The post-COVID-19 recovery plan for GCC utilities

By Dr. Yahya Anouti, Dr. Shihab Elborai, and Dr. Raed Kombargi

Article

Utilities throughout the GCC are experiencing a dual shock from the COVID-19 epidemic and the steep decline in oil prices. That has led to cascading consequences in areas ranging from operations to supply chains to finance. The impact has been sudden and severe, and utilities need to be smart about how they react, to ensure that they not only manage the most-urgent implications of the crisis but position themselves to emerge stronger.

Because of the stay-home orders, most demand for power has shifted from industrial users to residential users, which use less energy and pay lower tariffs. (Recent data from Italy shows that demand has declined by about 15 percent as a result of many industries being shut down.) Energy grids have been affected by the changing demand patterns, and supply chains have been disrupted. On the financial front, utilities face higher days sales outstanding, which reduces working capital, along with the spike in bond yields for emerging markets. And organizations face greater customer scrutiny in areas such as service assurance and billing.

The ultimate impact on utilities will depend on a range of factors, including the length and intensity of the epidemic, the global economic recovery, and oil market dynamics, and government stimulus packages. However, utilities can still shape their future by taking concerted and simultaneous actions on three horizons.

Mobilize while “in the thick of it”

Many utilities have already taken steps to assure continued service — particularly for essential customers such as hospitals and nursing homes — as well as assuring the safety of their workforce. However, innovative organizations can also launch programs to support societies during the crisis. Some organizations have offered payment relief to at-risk businesses and households or expediting power connections to temporary hospitals.

More ambitious measures involve utilities leveraging their footprint, capabilities, and resources such as warehouse storage, transportation, and delivery networks, to support specific groups. For example, they can coordinate with grocers and pharmacies on outreach effort to deliver essential products (groceries, medicine, and personal protective equipment) to the most vulnerable groups, such as the elderly or low-income people. Although these increase costs, they help establish the goodwill that utilities will require to shore up popular support for government intervention.

Stabilize after “the dust settles”

Utilities can improve their situation by conducting a wall-to-wall financial review and reducing costs wherever possible. For example, they can divest parts of the portfolio, eliminate redundant operations and services, and outsource non-critical capabilities and functions.

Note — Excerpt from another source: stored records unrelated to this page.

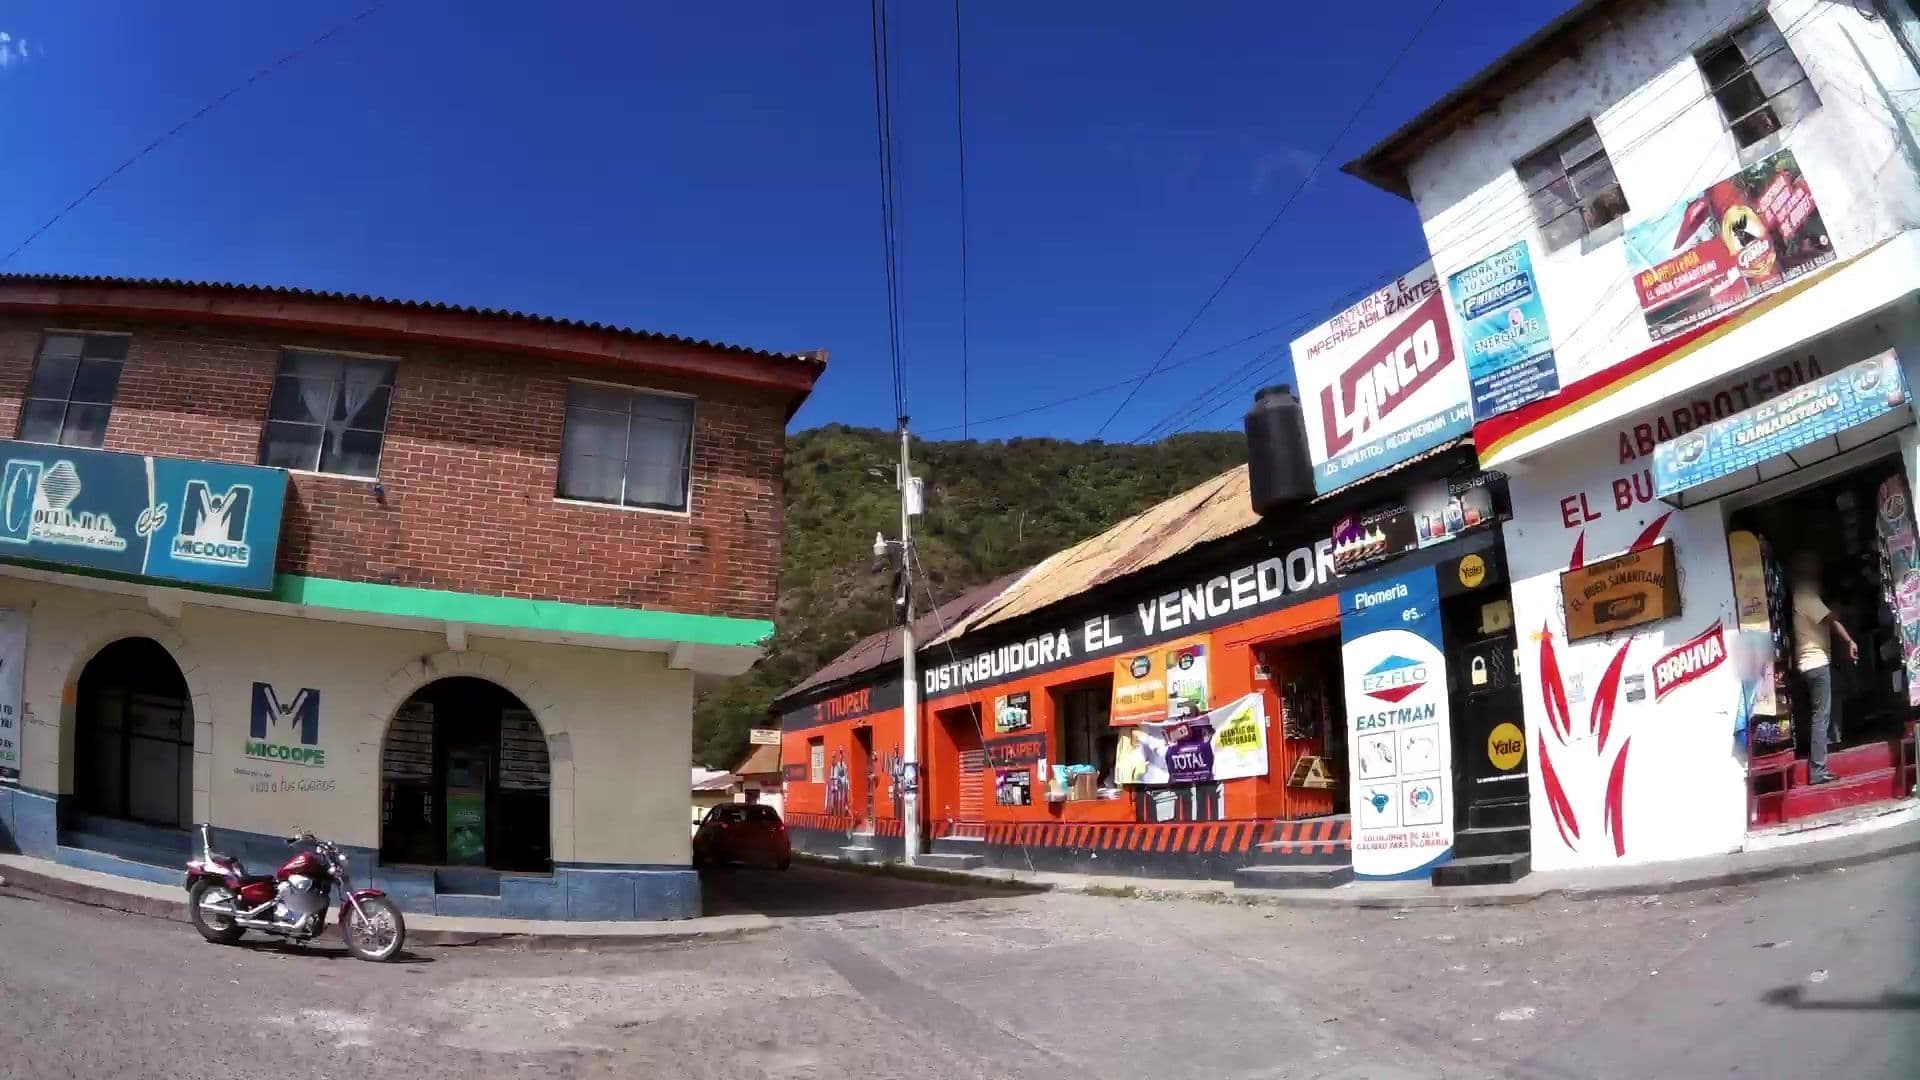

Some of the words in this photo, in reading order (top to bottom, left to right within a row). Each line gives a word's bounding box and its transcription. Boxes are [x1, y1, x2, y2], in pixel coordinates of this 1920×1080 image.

[1306, 277, 1439, 360] IMPERMEABILIZANTES
[1329, 288, 1390, 333] PINTURAS
[1397, 277, 1409, 292] E
[1331, 319, 1440, 440] LANCO
[1559, 491, 1602, 529] EL
[174, 540, 250, 561] MICOOPE
[924, 629, 1072, 694] DISTRIBUIDORA
[1084, 615, 1123, 653] EL
[1138, 541, 1345, 637] VENCEDOR
[1656, 634, 1723, 686] BRAHVA
[1363, 667, 1427, 691] EZ-FLO
[1356, 703, 1436, 731] EASTMAN
[245, 742, 324, 765] MICOOPE
[1171, 752, 1207, 770] TOTAL
[1492, 739, 1523, 757] Yale
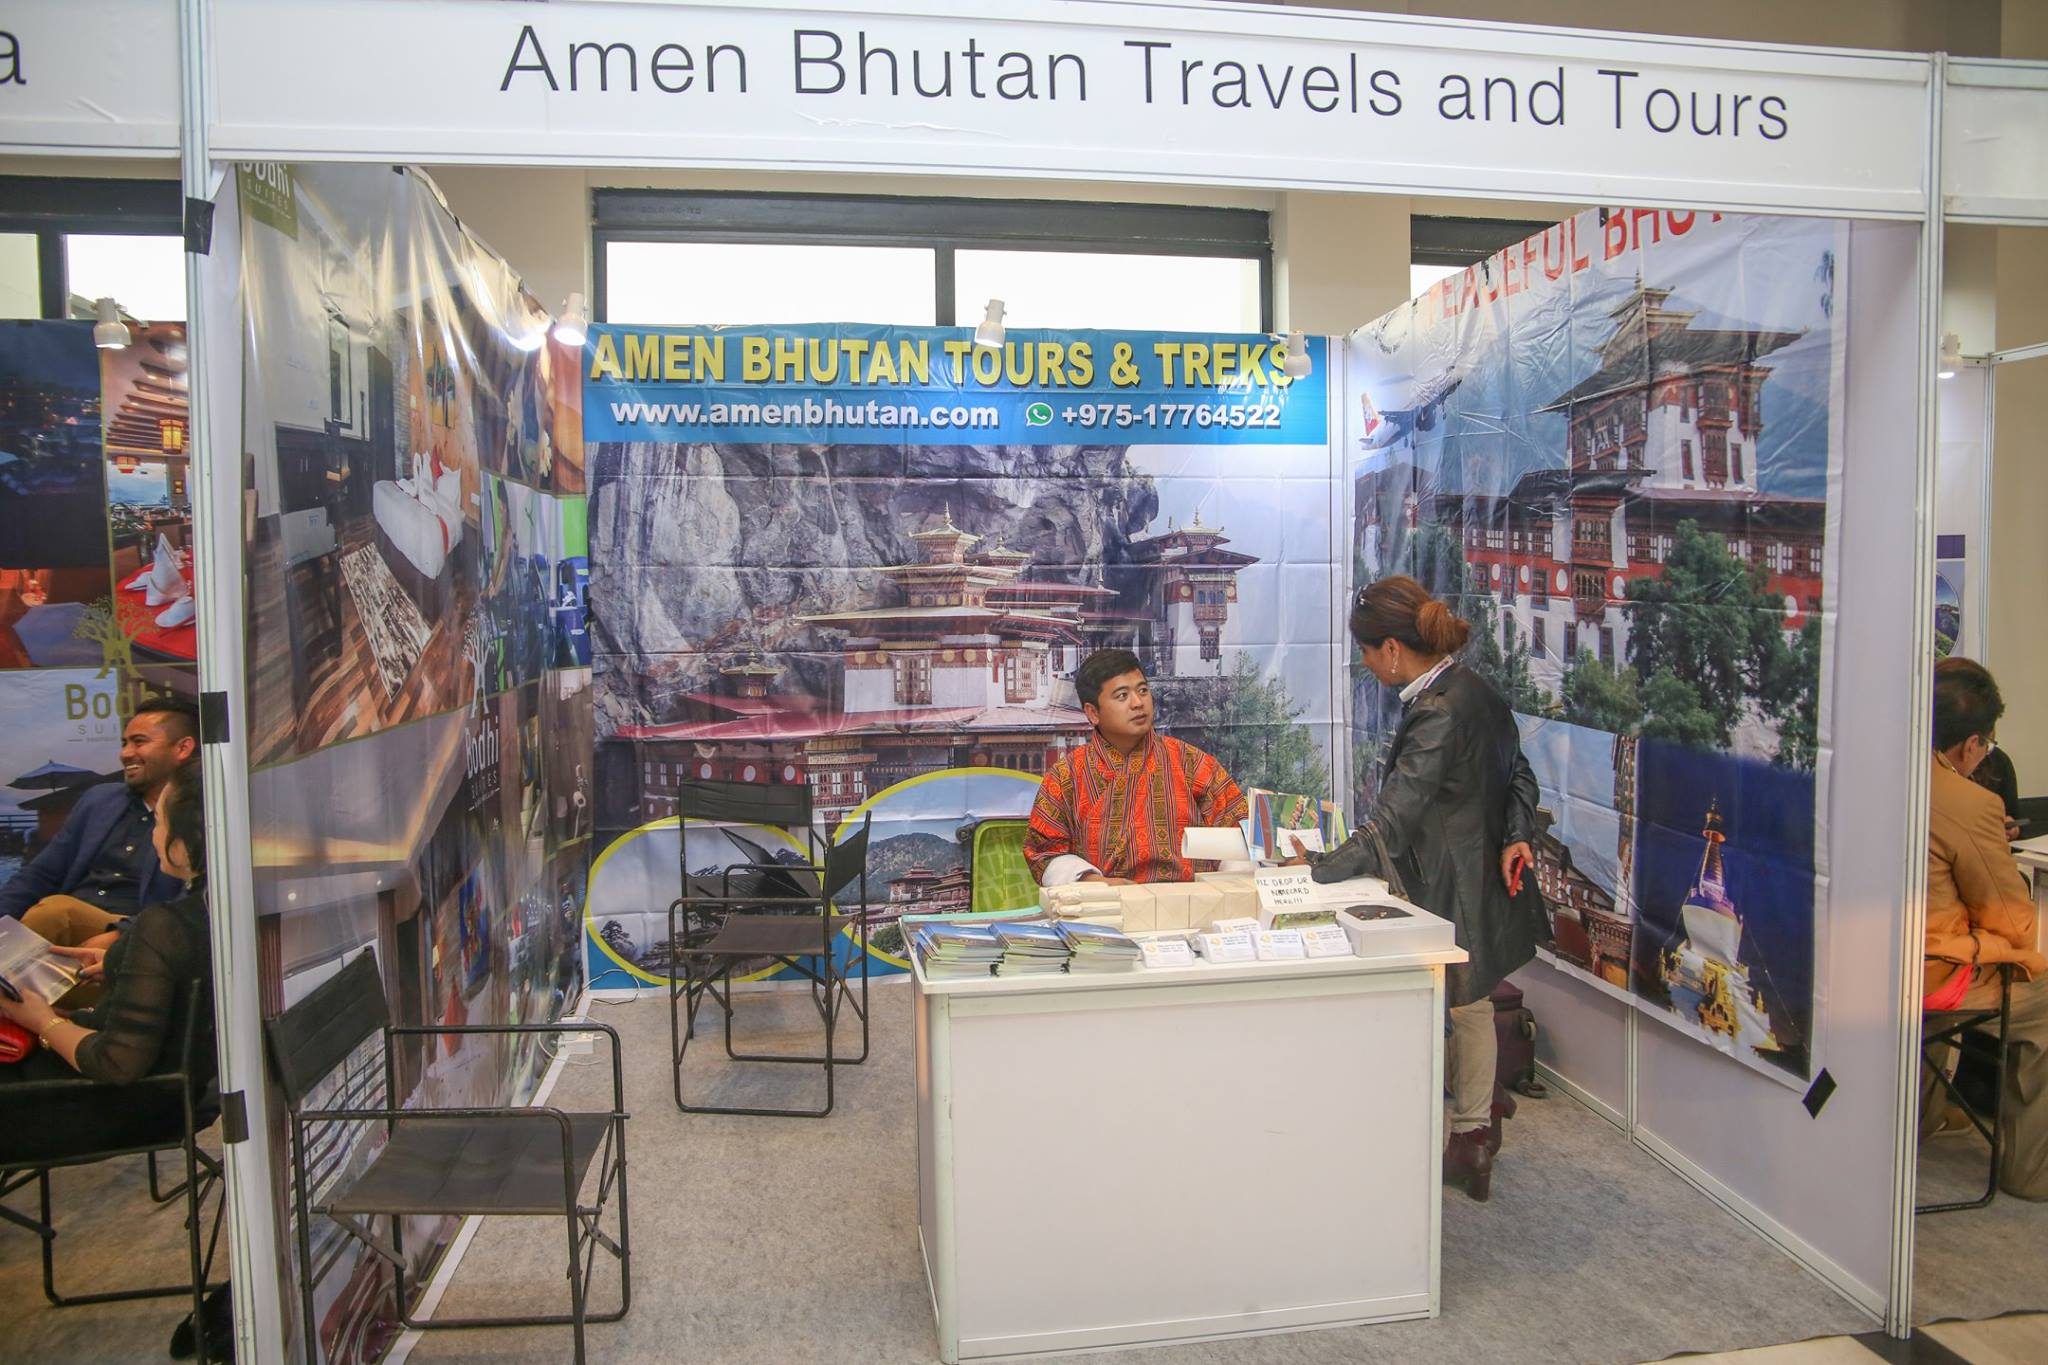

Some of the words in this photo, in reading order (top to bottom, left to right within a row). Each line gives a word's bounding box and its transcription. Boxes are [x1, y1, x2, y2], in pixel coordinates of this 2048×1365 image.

Because the field force is such a big part of the workforce, productivity initiatives typically offer an attractive ROI. Throughout this process, utilities should look to digitization and technology as a means to improve performance and efficiency. A secondary benefit of reducing costs and improving financial performance is that utilities will be able to make a more convincing case for regulatory intervention either through higher tariffs or government support —if necessary.

Strategize for the post-COVID era

Last, it’s highly likely that governments will step in to take action to boost economies in the post-COVID-19 era, and some measures, such as stimulus spending on infrastructure, can go to utilities. But in an environment of increased fiscal pressure and competing priorities, utilities need to establish why they are the best use of government resources. To that end, they should develop a set of projects that align with government objectives for economic stimulus spending.

Doing so entails identifying large-scale and shovel-ready projects with significant scope to generate a rapid economic impact. Moreover, project business cases should feature a high economic multiplier, contributing to local GDP and jobs (for example, distribution upgrades), and boost national productivity, such as smart-grid infrastructure or innovation that makes national economies more efficient and resilient. Finally, utility projects should be aligned with national policy objectives, such as promoting key industries or the shift to renewable energy. 

Between the COVID-19 crisis and the drop-off in oil prices, the present operating environment for utilities is extremely challenging — but the future need not be. By taking the right steps to respond, on all three horizons at the same time, utilities can ensure they continue to play a crucial part of the GCC’s future economic growth.

This article originally appeared in April 2020 on Utilities Middle East.

About the authors

Dr. Yahya Anouti, Dr. Shihab Elborai, and Dr. Raed Kombargi are partners with Strategy& Middle East, part of the PwC network.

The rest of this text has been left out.